-- Source information follows --
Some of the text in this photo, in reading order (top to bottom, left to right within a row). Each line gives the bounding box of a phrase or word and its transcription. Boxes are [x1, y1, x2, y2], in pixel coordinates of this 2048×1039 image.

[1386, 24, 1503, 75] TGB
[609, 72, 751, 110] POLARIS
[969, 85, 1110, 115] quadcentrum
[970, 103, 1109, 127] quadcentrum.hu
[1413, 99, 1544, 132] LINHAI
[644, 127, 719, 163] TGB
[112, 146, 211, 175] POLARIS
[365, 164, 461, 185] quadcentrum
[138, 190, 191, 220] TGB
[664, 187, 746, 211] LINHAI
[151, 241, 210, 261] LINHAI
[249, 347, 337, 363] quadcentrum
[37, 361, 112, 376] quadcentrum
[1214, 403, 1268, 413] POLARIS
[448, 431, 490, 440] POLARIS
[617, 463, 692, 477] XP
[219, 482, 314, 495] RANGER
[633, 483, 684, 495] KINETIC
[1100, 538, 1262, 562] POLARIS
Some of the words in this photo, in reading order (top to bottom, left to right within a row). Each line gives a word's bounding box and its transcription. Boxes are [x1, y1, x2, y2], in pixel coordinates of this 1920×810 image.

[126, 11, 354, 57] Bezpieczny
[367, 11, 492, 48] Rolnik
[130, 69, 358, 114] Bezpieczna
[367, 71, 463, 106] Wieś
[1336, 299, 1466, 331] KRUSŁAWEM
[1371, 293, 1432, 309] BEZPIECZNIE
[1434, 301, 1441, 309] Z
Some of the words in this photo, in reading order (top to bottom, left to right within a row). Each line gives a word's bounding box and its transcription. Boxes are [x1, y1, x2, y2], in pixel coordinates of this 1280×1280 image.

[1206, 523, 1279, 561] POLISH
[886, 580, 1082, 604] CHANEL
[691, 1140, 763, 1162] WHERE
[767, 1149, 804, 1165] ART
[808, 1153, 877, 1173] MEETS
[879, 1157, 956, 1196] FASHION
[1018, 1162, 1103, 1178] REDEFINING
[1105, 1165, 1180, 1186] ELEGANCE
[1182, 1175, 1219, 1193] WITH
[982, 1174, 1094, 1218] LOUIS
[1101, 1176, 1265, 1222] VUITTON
-- Source information concluded --
* [What the task requires]
In full and word for word, repeat the records.

* [Task solution]
Some of the text in this photo, in reading order (top to bottom, left to right within a row). Each line gives the bounding box of a phrase or word and its transcription. Boxes are [x1, y1, x2, y2], in pixel coordinates of this 2048×1039 image.

[1386, 24, 1503, 75] TGB
[609, 72, 751, 110] POLARIS
[969, 85, 1110, 115] quadcentrum
[970, 103, 1109, 127] quadcentrum.hu
[1413, 99, 1544, 132] LINHAI
[644, 127, 719, 163] TGB
[112, 146, 211, 175] POLARIS
[365, 164, 461, 185] quadcentrum
[138, 190, 191, 220] TGB
[664, 187, 746, 211] LINHAI
[151, 241, 210, 261] LINHAI
[249, 347, 337, 363] quadcentrum
[37, 361, 112, 376] quadcentrum
[1214, 403, 1268, 413] POLARIS
[448, 431, 490, 440] POLARIS
[617, 463, 692, 477] XP
[219, 482, 314, 495] RANGER
[633, 483, 684, 495] KINETIC
[1100, 538, 1262, 562] POLARIS
Some of the words in this photo, in reading order (top to bottom, left to right within a row). Each line gives a word's bounding box and its transcription. Boxes are [x1, y1, x2, y2], in pixel coordinates of this 1920×810 image.

[126, 11, 354, 57] Bezpieczny
[367, 11, 492, 48] Rolnik
[130, 69, 358, 114] Bezpieczna
[367, 71, 463, 106] Wieś
[1336, 299, 1466, 331] KRUSŁAWEM
[1371, 293, 1432, 309] BEZPIECZNIE
[1434, 301, 1441, 309] Z
Some of the words in this photo, in reading order (top to bottom, left to right within a row). Each line gives a word's bounding box and its transcription. Boxes are [x1, y1, x2, y2], in pixel coordinates of this 1280×1280 image.

[1206, 523, 1279, 561] POLISH
[886, 580, 1082, 604] CHANEL
[691, 1140, 763, 1162] WHERE
[767, 1149, 804, 1165] ART
[808, 1153, 877, 1173] MEETS
[879, 1157, 956, 1196] FASHION
[1018, 1162, 1103, 1178] REDEFINING
[1105, 1165, 1180, 1186] ELEGANCE
[1182, 1175, 1219, 1193] WITH
[982, 1174, 1094, 1218] LOUIS
[1101, 1176, 1265, 1222] VUITTON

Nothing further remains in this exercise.